-- SUPPLIED MATERIAL follows --

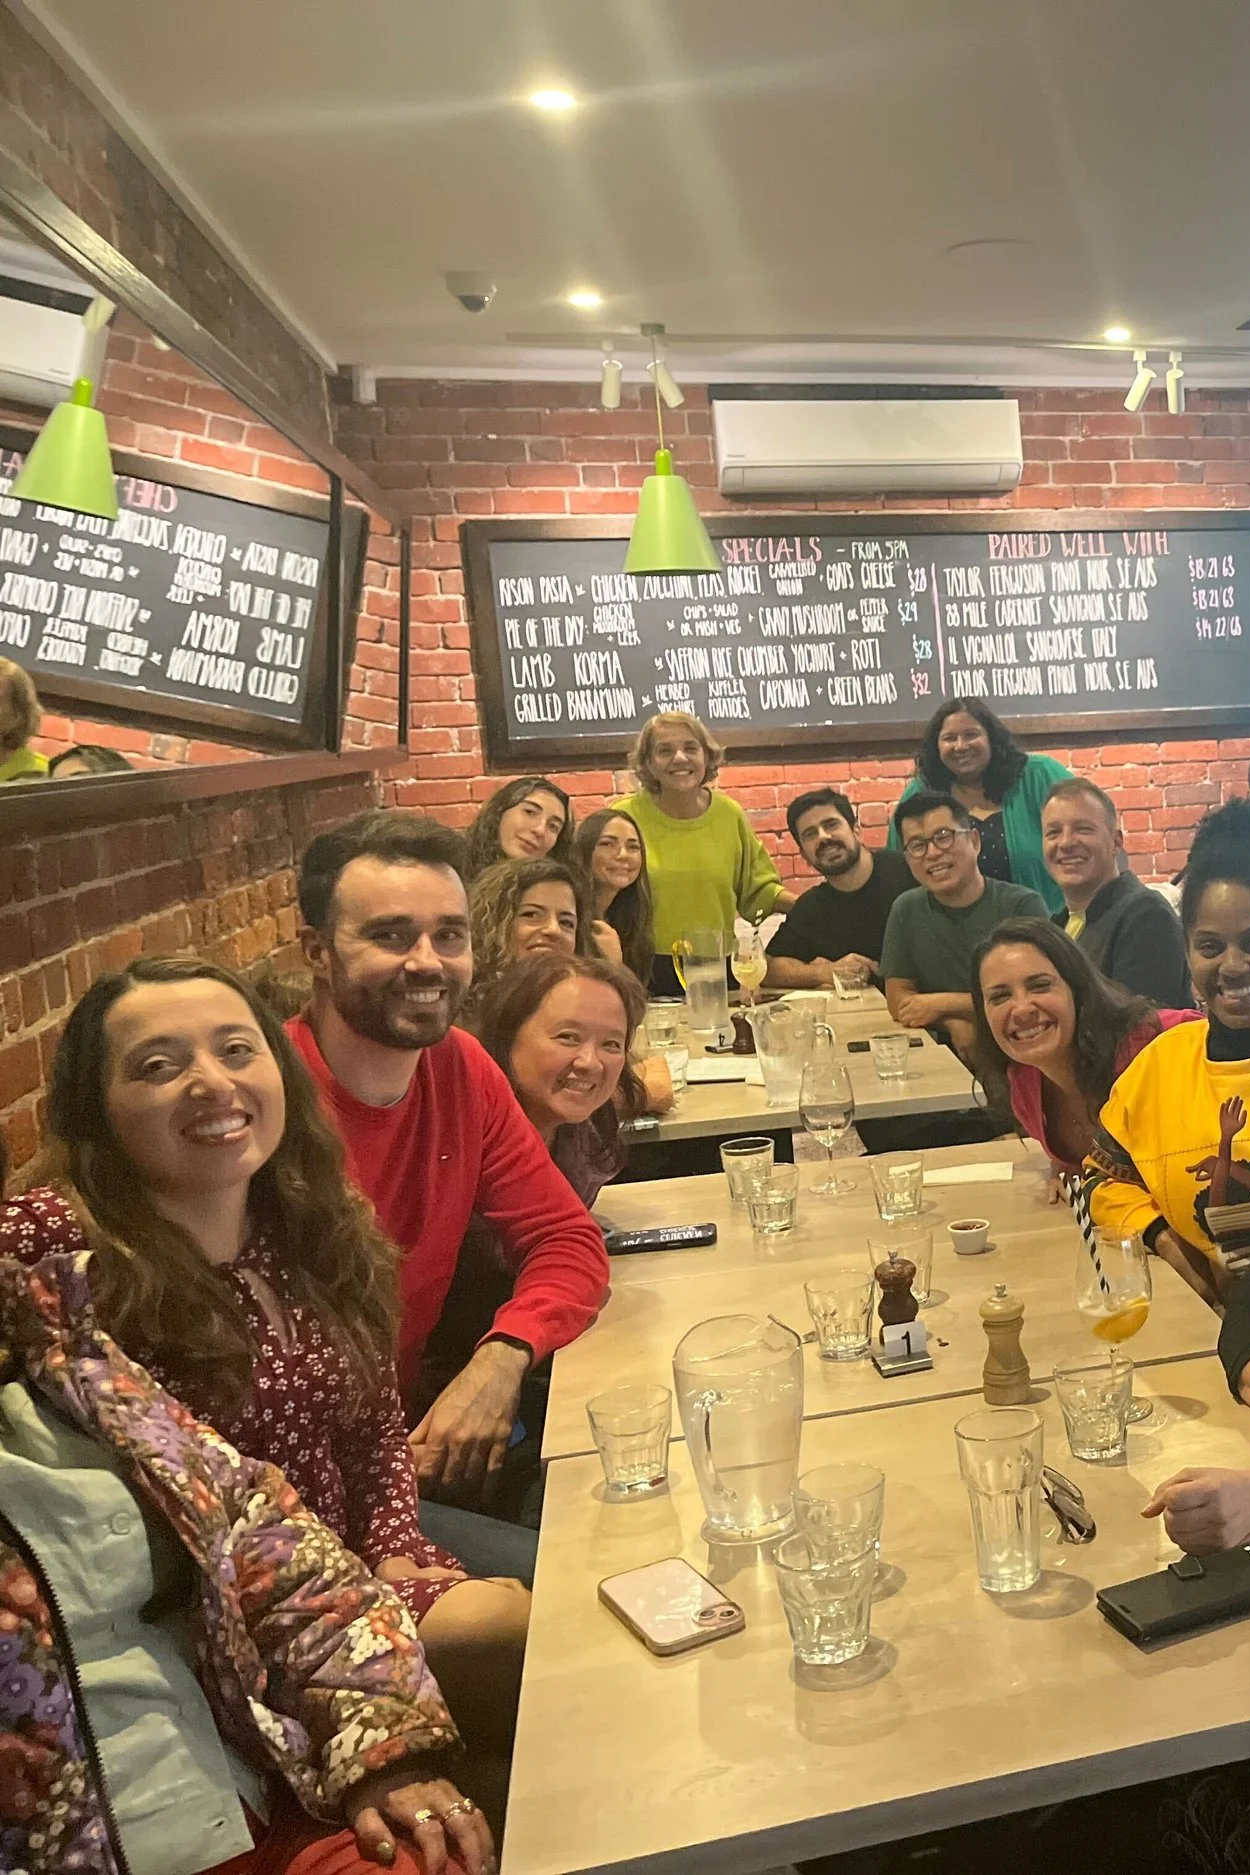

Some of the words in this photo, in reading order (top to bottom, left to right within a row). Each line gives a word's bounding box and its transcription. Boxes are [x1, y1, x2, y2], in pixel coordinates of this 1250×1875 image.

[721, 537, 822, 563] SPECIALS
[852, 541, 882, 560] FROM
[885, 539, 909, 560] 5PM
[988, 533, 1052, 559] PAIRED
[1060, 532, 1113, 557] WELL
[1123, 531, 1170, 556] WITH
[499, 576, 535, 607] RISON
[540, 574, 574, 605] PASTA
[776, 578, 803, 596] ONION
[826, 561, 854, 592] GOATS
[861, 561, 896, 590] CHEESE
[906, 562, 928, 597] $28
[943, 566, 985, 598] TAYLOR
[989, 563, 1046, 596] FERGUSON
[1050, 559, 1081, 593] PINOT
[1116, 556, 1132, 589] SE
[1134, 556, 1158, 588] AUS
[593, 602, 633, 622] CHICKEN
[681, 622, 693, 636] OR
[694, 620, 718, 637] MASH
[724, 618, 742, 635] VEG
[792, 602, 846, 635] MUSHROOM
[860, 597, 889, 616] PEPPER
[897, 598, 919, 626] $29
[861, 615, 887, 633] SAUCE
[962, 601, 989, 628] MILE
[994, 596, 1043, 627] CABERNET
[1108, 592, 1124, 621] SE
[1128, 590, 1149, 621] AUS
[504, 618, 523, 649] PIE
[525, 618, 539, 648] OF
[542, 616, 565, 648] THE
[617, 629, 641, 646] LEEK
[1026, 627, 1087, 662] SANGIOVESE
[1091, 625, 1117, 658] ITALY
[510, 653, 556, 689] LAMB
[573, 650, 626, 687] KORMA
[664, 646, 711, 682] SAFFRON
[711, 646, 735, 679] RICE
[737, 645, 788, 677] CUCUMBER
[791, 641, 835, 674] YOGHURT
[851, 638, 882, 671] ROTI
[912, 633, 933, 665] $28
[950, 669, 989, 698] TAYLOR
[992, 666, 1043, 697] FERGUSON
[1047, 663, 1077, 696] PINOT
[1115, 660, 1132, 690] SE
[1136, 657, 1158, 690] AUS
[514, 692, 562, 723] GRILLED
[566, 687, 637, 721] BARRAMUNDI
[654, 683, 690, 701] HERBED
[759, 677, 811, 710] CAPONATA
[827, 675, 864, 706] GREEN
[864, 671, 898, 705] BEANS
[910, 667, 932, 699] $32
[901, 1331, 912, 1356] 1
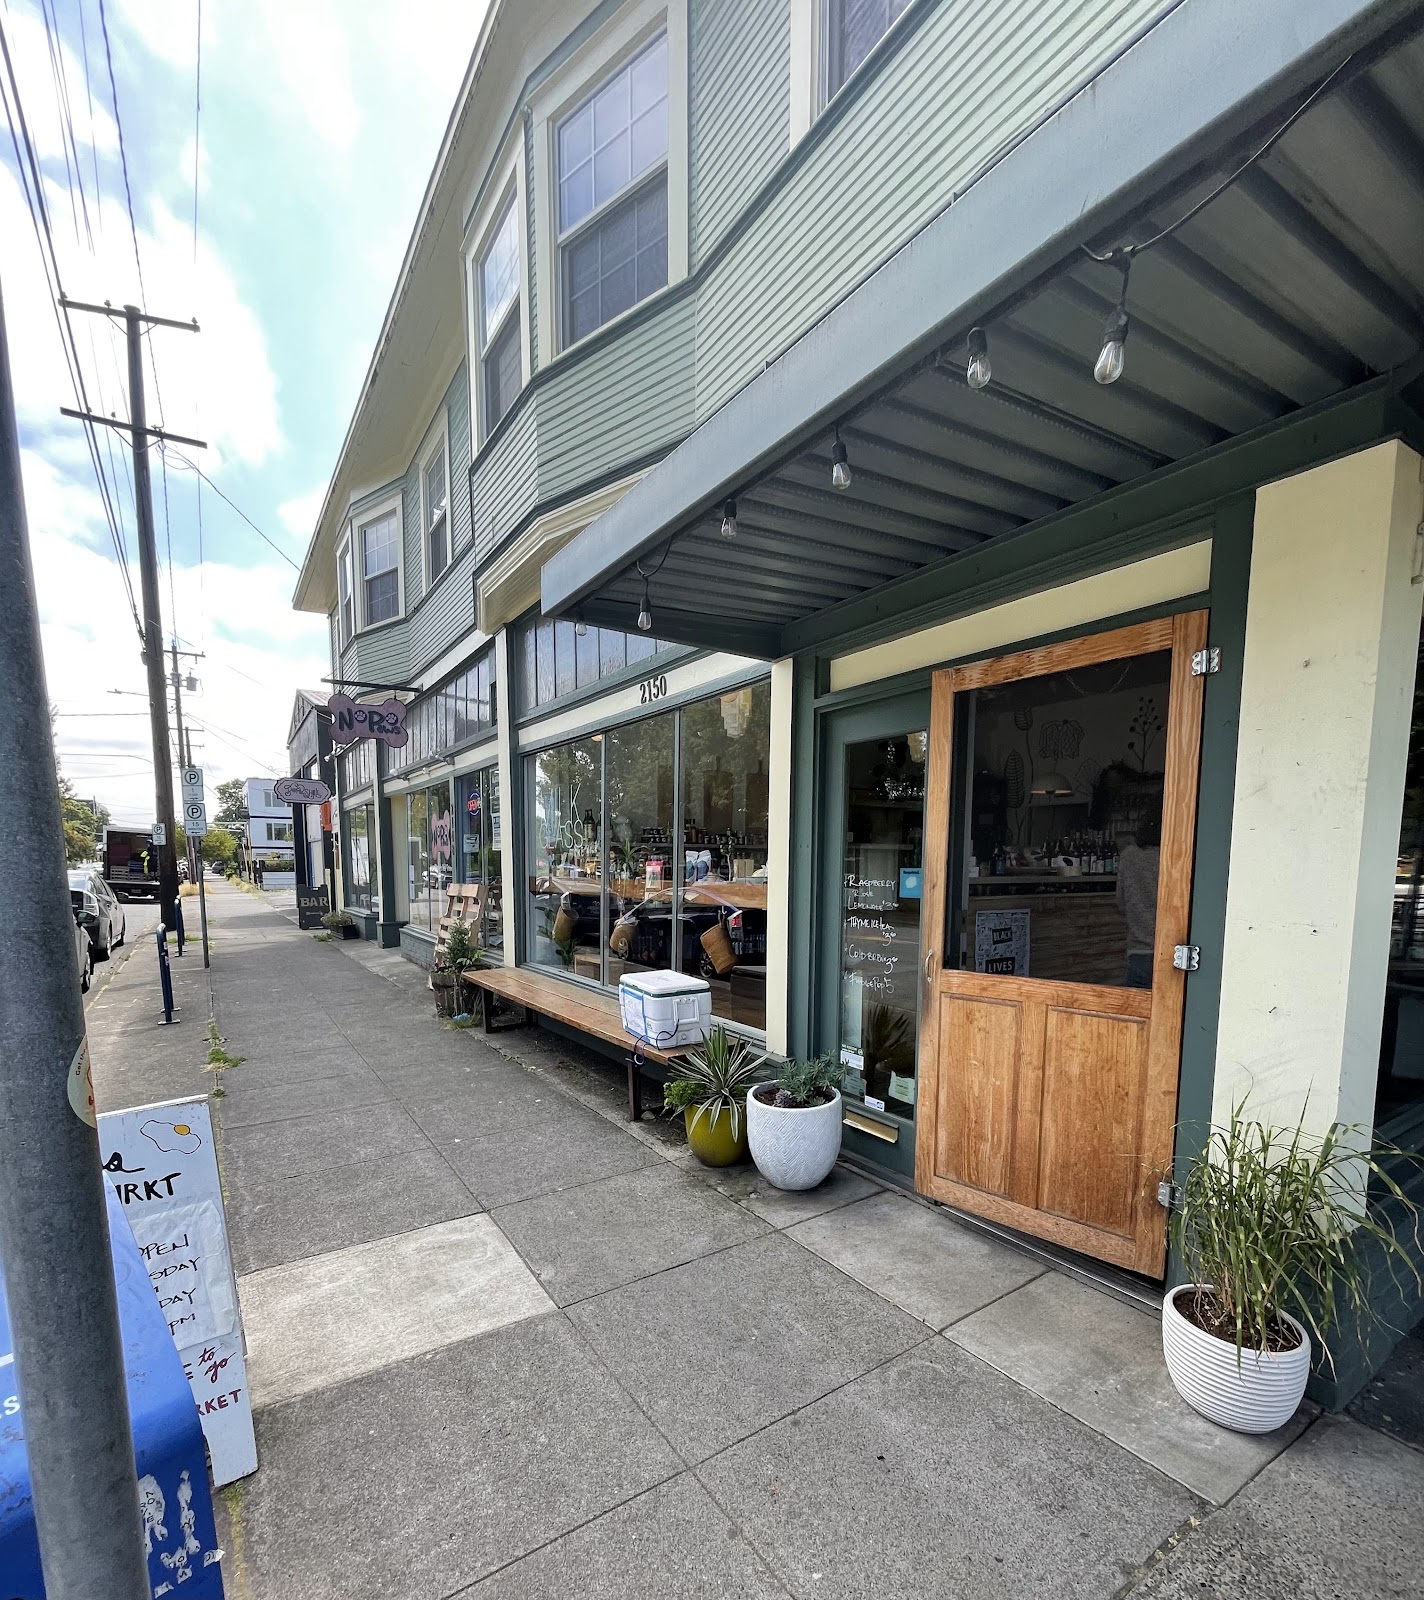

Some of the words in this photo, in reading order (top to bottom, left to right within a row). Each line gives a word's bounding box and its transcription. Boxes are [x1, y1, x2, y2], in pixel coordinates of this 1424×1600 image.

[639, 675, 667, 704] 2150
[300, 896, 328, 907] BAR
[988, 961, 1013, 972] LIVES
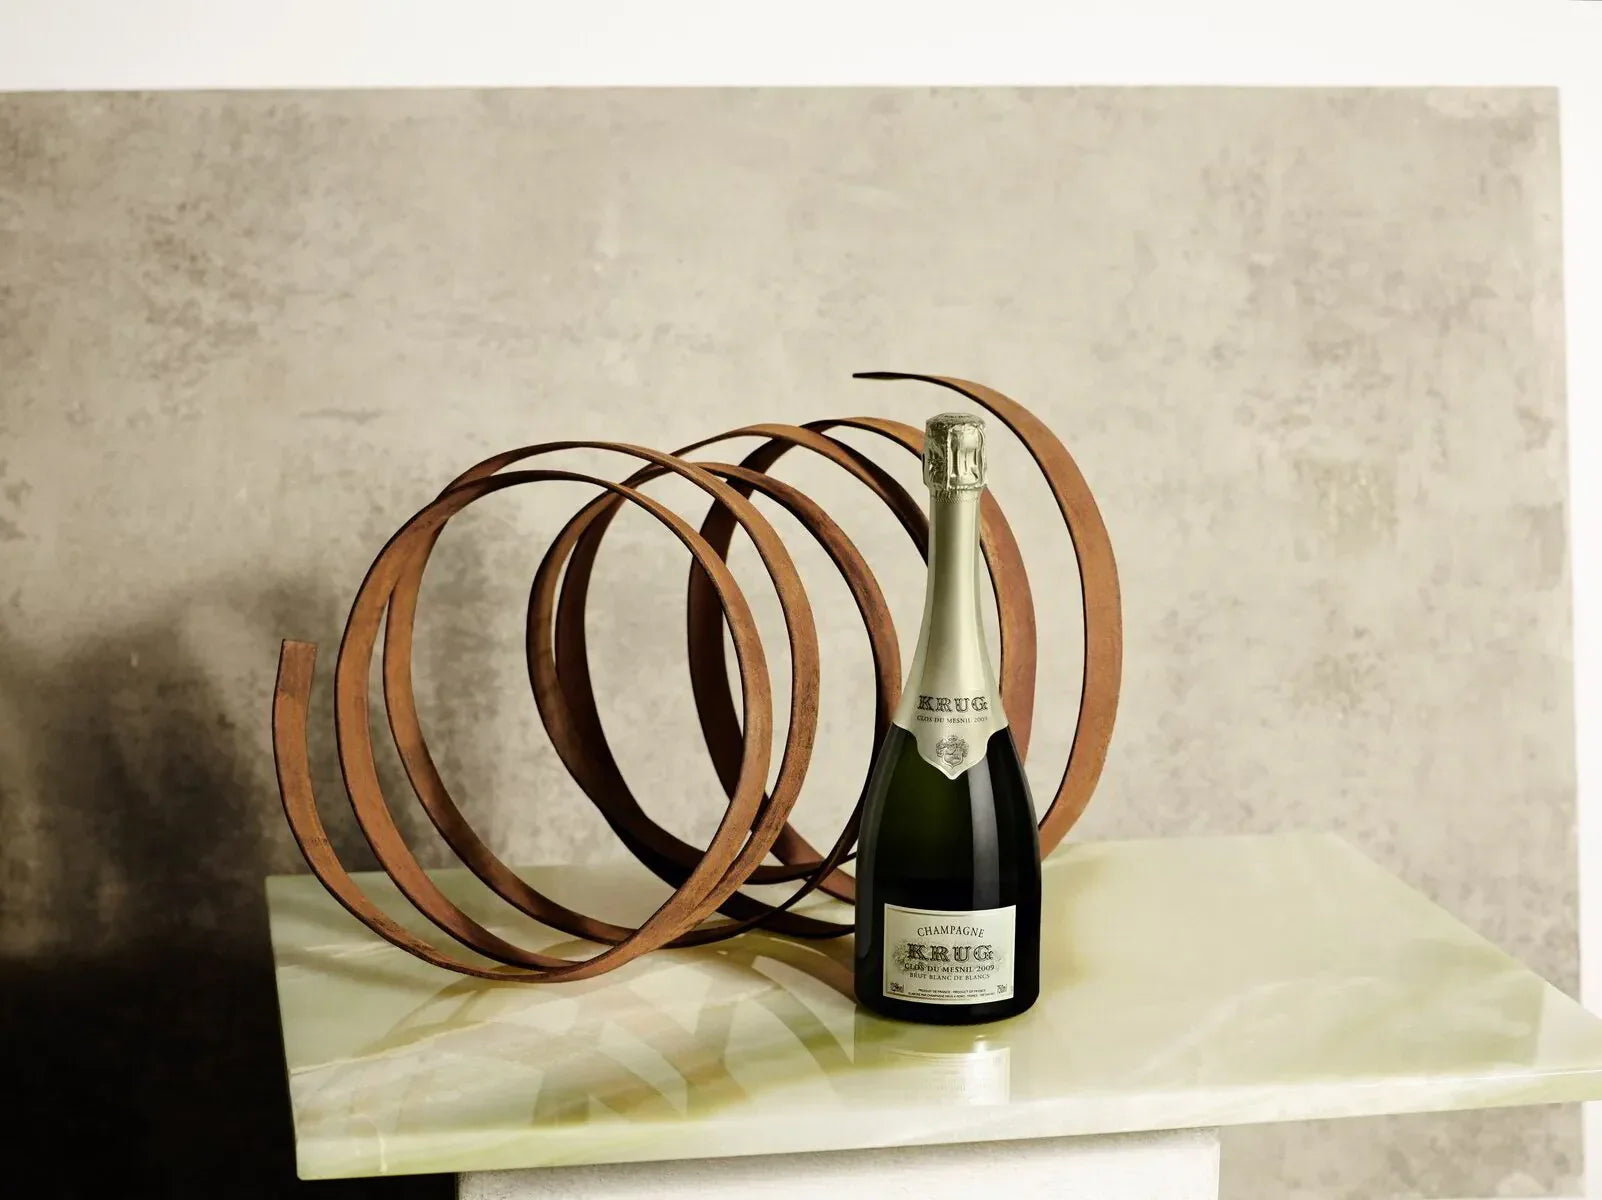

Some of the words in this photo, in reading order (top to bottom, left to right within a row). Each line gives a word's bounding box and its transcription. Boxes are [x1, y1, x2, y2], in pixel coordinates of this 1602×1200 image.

-- SUPPLIED MATERIAL concluded --

_THE PROBLEM_
Could the listing above be printed again in full, with every picture omitted?

_OUTPUT FOR THIS TASK_
Some of the words in this photo, in reading order (top to bottom, left to right within a row). Each line gives a word's bounding box and its transcription. Boxes are [x1, y1, x2, y2], in pixel coordinates of this 1250×1875 image.

[721, 537, 822, 563] SPECIALS
[852, 541, 882, 560] FROM
[885, 539, 909, 560] 5PM
[988, 533, 1052, 559] PAIRED
[1060, 532, 1113, 557] WELL
[1123, 531, 1170, 556] WITH
[499, 576, 535, 607] RISON
[540, 574, 574, 605] PASTA
[776, 578, 803, 596] ONION
[826, 561, 854, 592] GOATS
[861, 561, 896, 590] CHEESE
[906, 562, 928, 597] $28
[943, 566, 985, 598] TAYLOR
[989, 563, 1046, 596] FERGUSON
[1050, 559, 1081, 593] PINOT
[1116, 556, 1132, 589] SE
[1134, 556, 1158, 588] AUS
[593, 602, 633, 622] CHICKEN
[681, 622, 693, 636] OR
[694, 620, 718, 637] MASH
[724, 618, 742, 635] VEG
[792, 602, 846, 635] MUSHROOM
[860, 597, 889, 616] PEPPER
[897, 598, 919, 626] $29
[861, 615, 887, 633] SAUCE
[962, 601, 989, 628] MILE
[994, 596, 1043, 627] CABERNET
[1108, 592, 1124, 621] SE
[1128, 590, 1149, 621] AUS
[504, 618, 523, 649] PIE
[525, 618, 539, 648] OF
[542, 616, 565, 648] THE
[617, 629, 641, 646] LEEK
[1026, 627, 1087, 662] SANGIOVESE
[1091, 625, 1117, 658] ITALY
[510, 653, 556, 689] LAMB
[573, 650, 626, 687] KORMA
[664, 646, 711, 682] SAFFRON
[711, 646, 735, 679] RICE
[737, 645, 788, 677] CUCUMBER
[791, 641, 835, 674] YOGHURT
[851, 638, 882, 671] ROTI
[912, 633, 933, 665] $28
[950, 669, 989, 698] TAYLOR
[992, 666, 1043, 697] FERGUSON
[1047, 663, 1077, 696] PINOT
[1115, 660, 1132, 690] SE
[1136, 657, 1158, 690] AUS
[514, 692, 562, 723] GRILLED
[566, 687, 637, 721] BARRAMUNDI
[654, 683, 690, 701] HERBED
[759, 677, 811, 710] CAPONATA
[827, 675, 864, 706] GREEN
[864, 671, 898, 705] BEANS
[910, 667, 932, 699] $32
[901, 1331, 912, 1356] 1

Some of the words in this photo, in reading order (top to bottom, left to right within a row). Each line gives a word's bounding box and its transcription. Boxes are [x1, y1, x2, y2], in pixel coordinates of this 1424×1600 image.

[639, 675, 667, 704] 2150
[300, 896, 328, 907] BAR
[988, 961, 1013, 972] LIVES

Some of the words in this photo, in reading order (top to bottom, left to right within a row). Each line gives a word's bounding box and its transcription. Boxes are [x1, y1, x2, y2], in pixel coordinates of this 1602×1200 image.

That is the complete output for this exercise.